Sir Frederick Vernon Corfield  (1 June 1915 – 25 August 2005) was a British Conservative politician and minister.

Early life
Corfield was the son of Brigadier Frederick Alleyne Corfield of the British Indian Army and Mary Graham Vernon, daughter of Thomas Bowater Vernon of Hanbury, Walllington (then in Surrey). His father also owned the Chatwall estate at Cardington, Shropshire, which Frederick inherited on his father's death in 1939.

He was educated firstly at Brockhurst Preparatory School  at Church Stretton and then at Cheltenham College and the Royal Military Academy, Woolwich.
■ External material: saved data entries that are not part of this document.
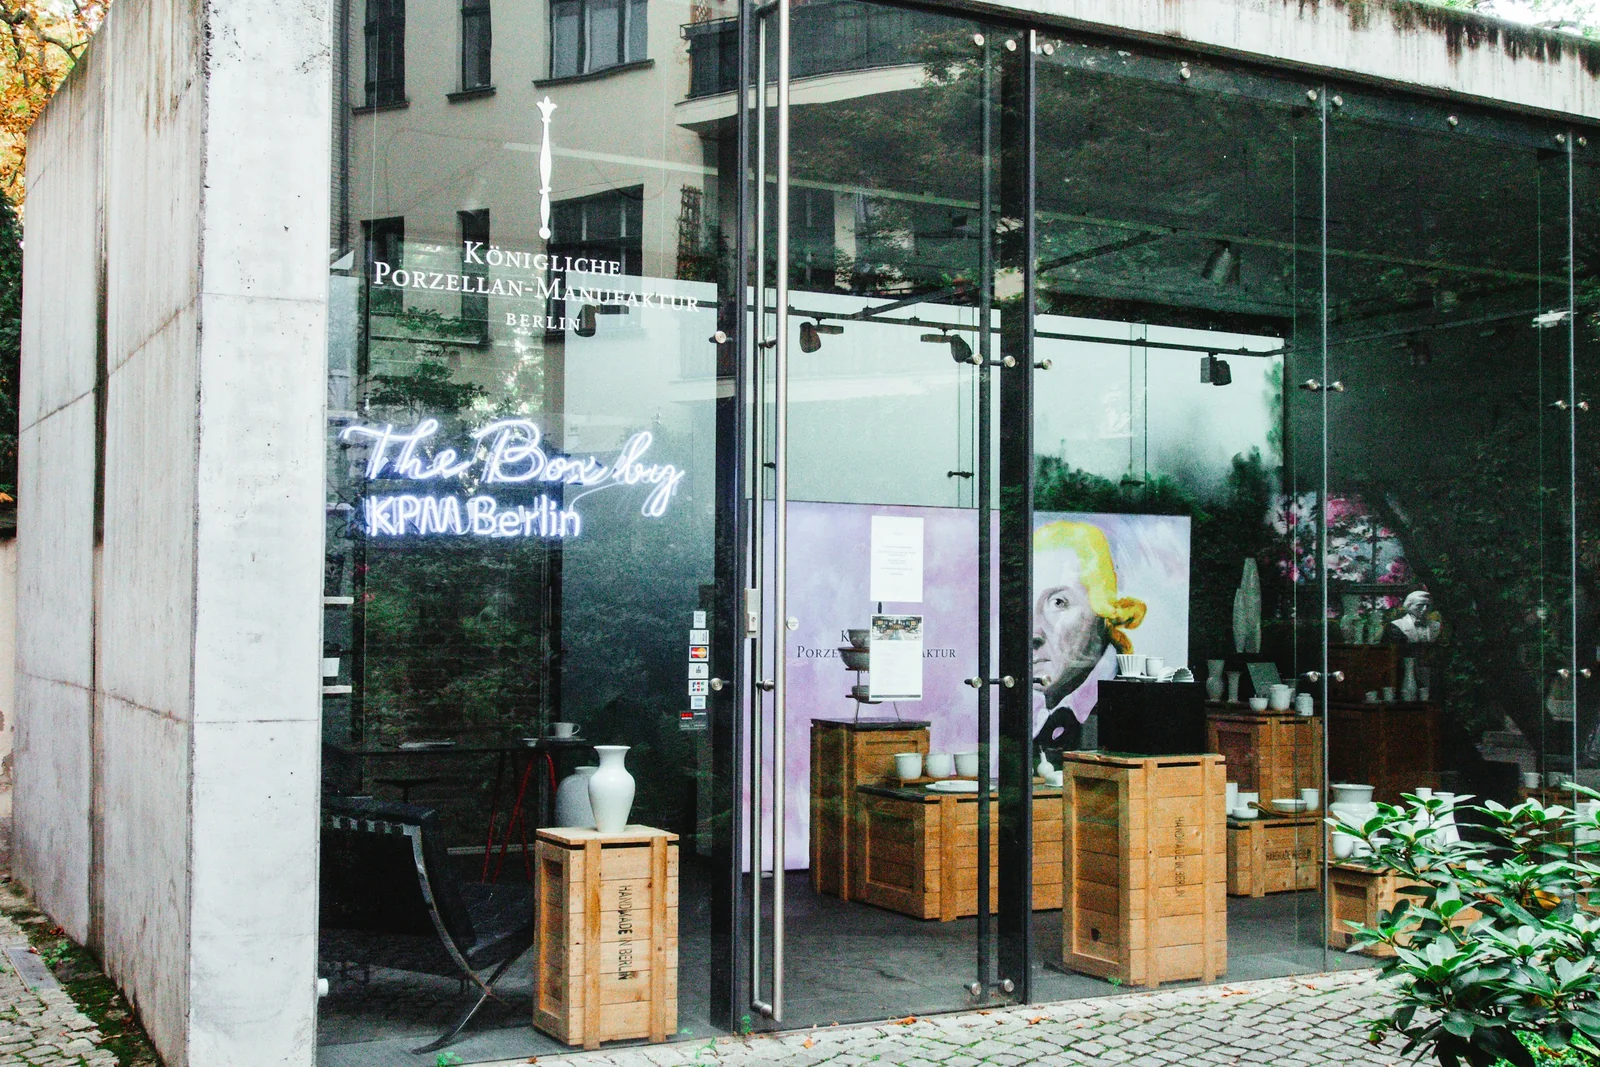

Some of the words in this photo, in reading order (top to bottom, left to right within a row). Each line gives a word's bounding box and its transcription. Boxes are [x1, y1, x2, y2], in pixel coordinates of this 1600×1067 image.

[464, 240, 622, 277] KÖNIGLICHE
[373, 261, 701, 313] PORZELLAN-MANUFAKTUR
[505, 313, 582, 332] BERLIN
[340, 418, 470, 480] The
[473, 419, 607, 484] Box
[612, 430, 685, 518] by
[367, 495, 464, 537] KPM
[472, 494, 582, 538] Berlin
[618, 885, 633, 935] HANDMADE
[618, 937, 633, 946] IN
[618, 948, 633, 980] BERLIN
He was commissioned into the Royal Artillery in 1935. He was then posted to India until 1939, only to be sent to France with the British Expeditionary Force after the outbreak of World War II. By 1940 he was serving in the 51st (Highland) Division, and mentioned in dispatches, but, as the Germans advanced, the division was cut off and forced to surrender. Thus Corfield spent the remainder of the war as a prisoner of war, latterly at Oflag IX A/Z at Rotenburg an der Fulda. During his time as a prisoner he studied law, and passed examinations qualifying as a barrister.
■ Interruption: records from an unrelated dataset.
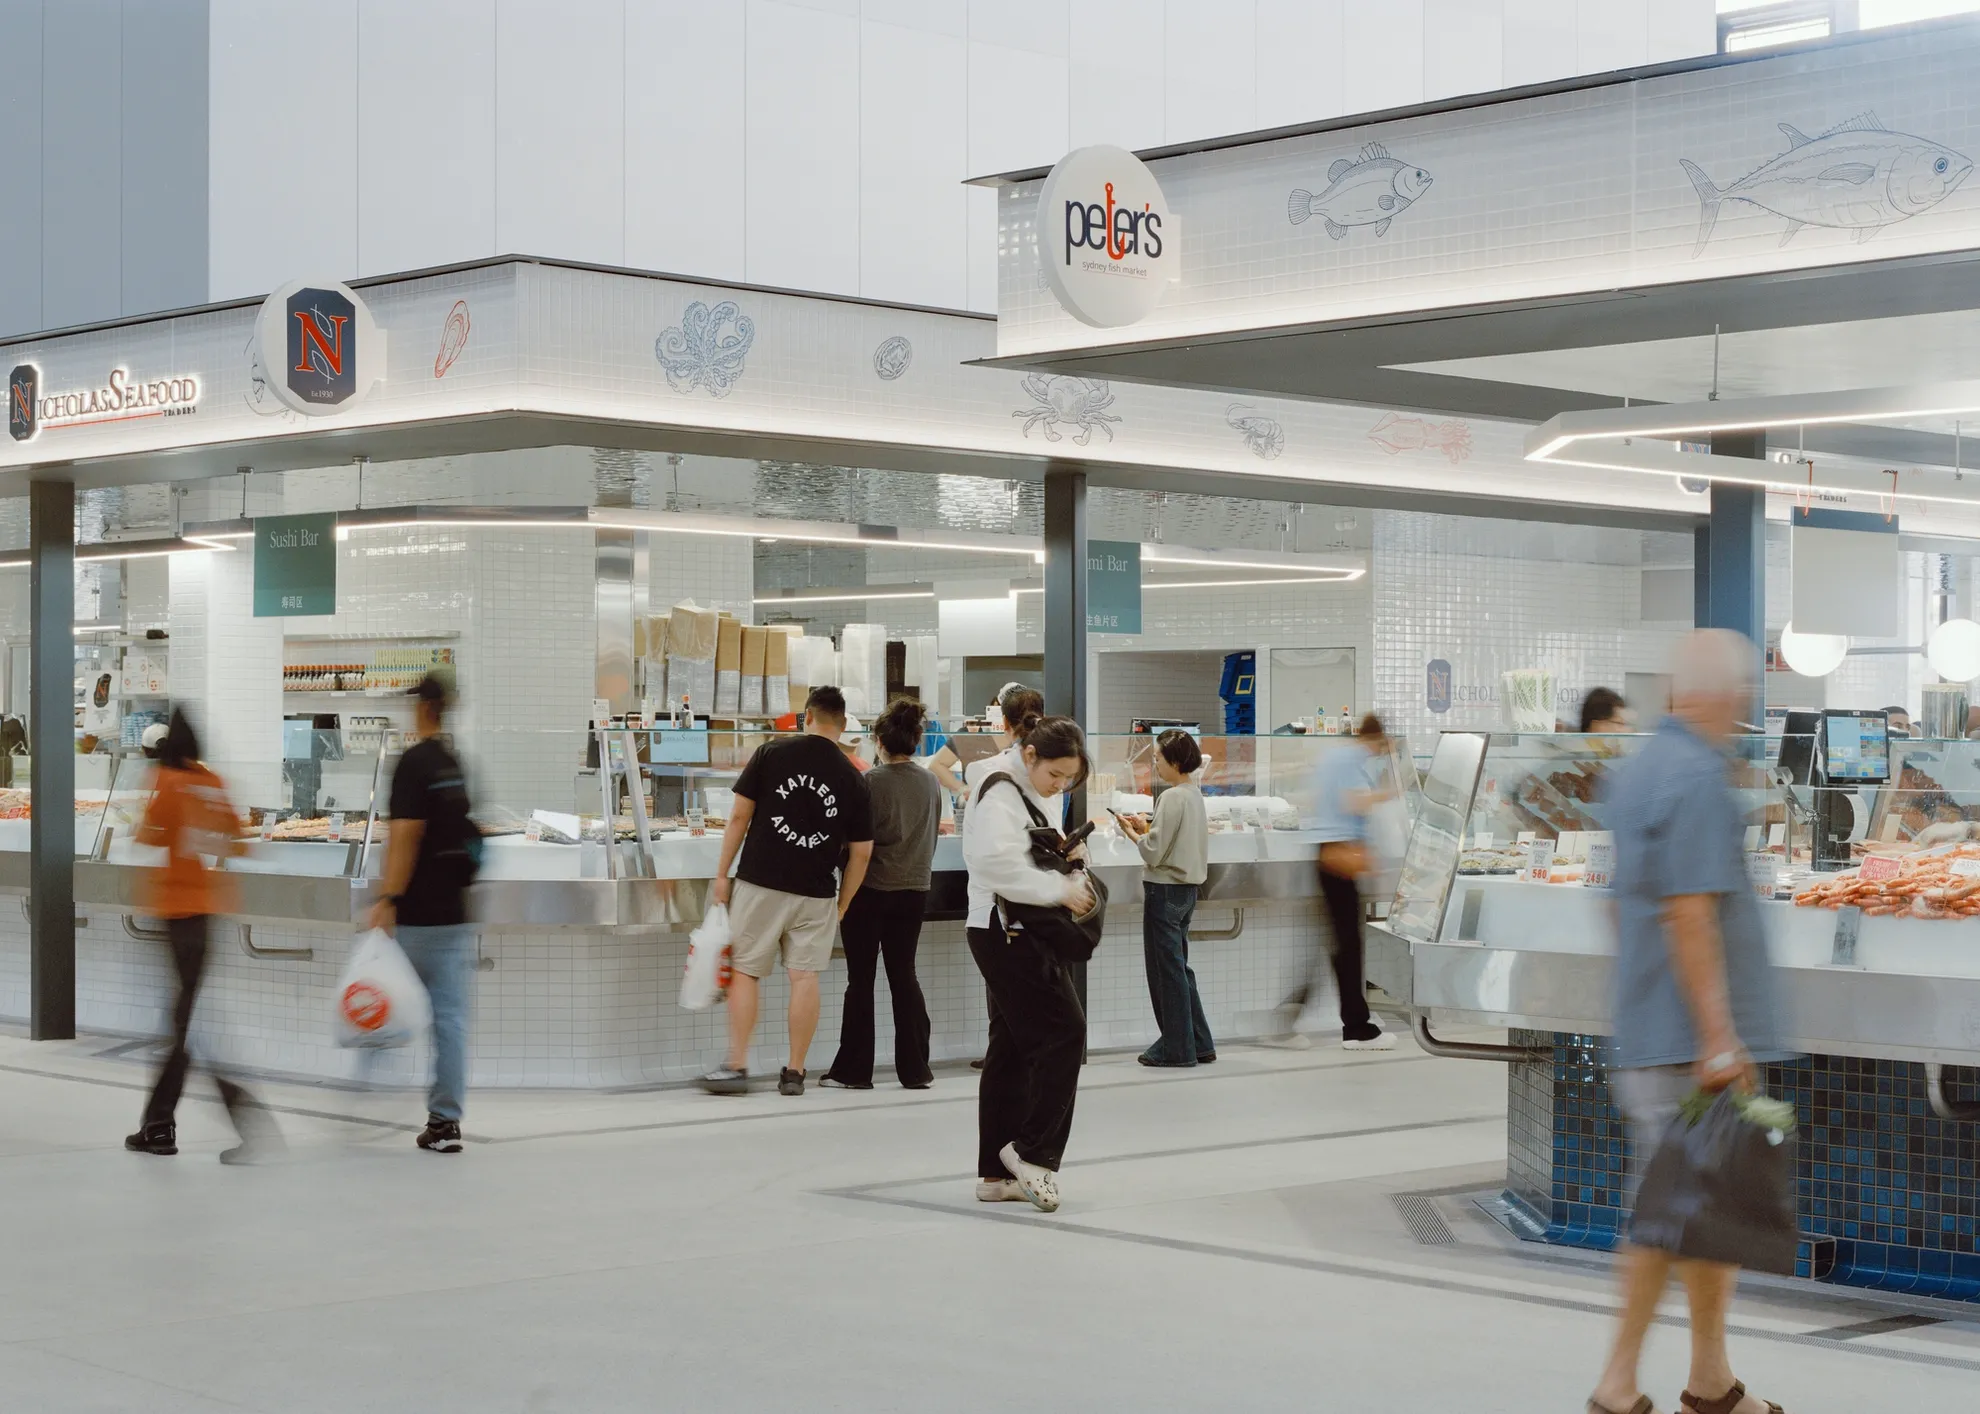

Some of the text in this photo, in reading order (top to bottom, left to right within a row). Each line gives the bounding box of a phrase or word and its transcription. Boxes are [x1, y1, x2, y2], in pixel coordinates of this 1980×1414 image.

[1065, 182, 1163, 266] peter's
[1082, 261, 1148, 277] sydney fish market
[294, 311, 348, 375] N
[163, 406, 197, 417] TRADERS
[1819, 494, 1847, 503] TRADERS
[270, 528, 319, 548] Sushi Bar
[1107, 554, 1128, 572] Bar
[281, 596, 303, 608] 寿司区
[775, 774, 838, 818] XAYLESS
[1532, 869, 1548, 879] 580
[1585, 873, 1607, 885] 2499
After his return to England he was called to the bar at Middle Temple in 1946 and spent a year in the army's Judge Advocate General's branch within England. This did not suit him. He spent the next decade mainly as a farmer; first on the family farm at Chatwall in Shropshire, whose main estate he sold in 1951 (keeping some land whose rents he donated to Cardington church, whose advowson he also retained) then on a  farm at Middle Lypiatt near Stroud in Gloucestershire.

Political career
In 1955 he became MP for South Gloucestershire.
Shortly after becoming an MP he launched a private member's bill to improve compensation for compulsory land purchases. He received a second reading for his bill in February 1958, against government advice, and its general principles were incorporated in the Town and Country Planning Act of 1959.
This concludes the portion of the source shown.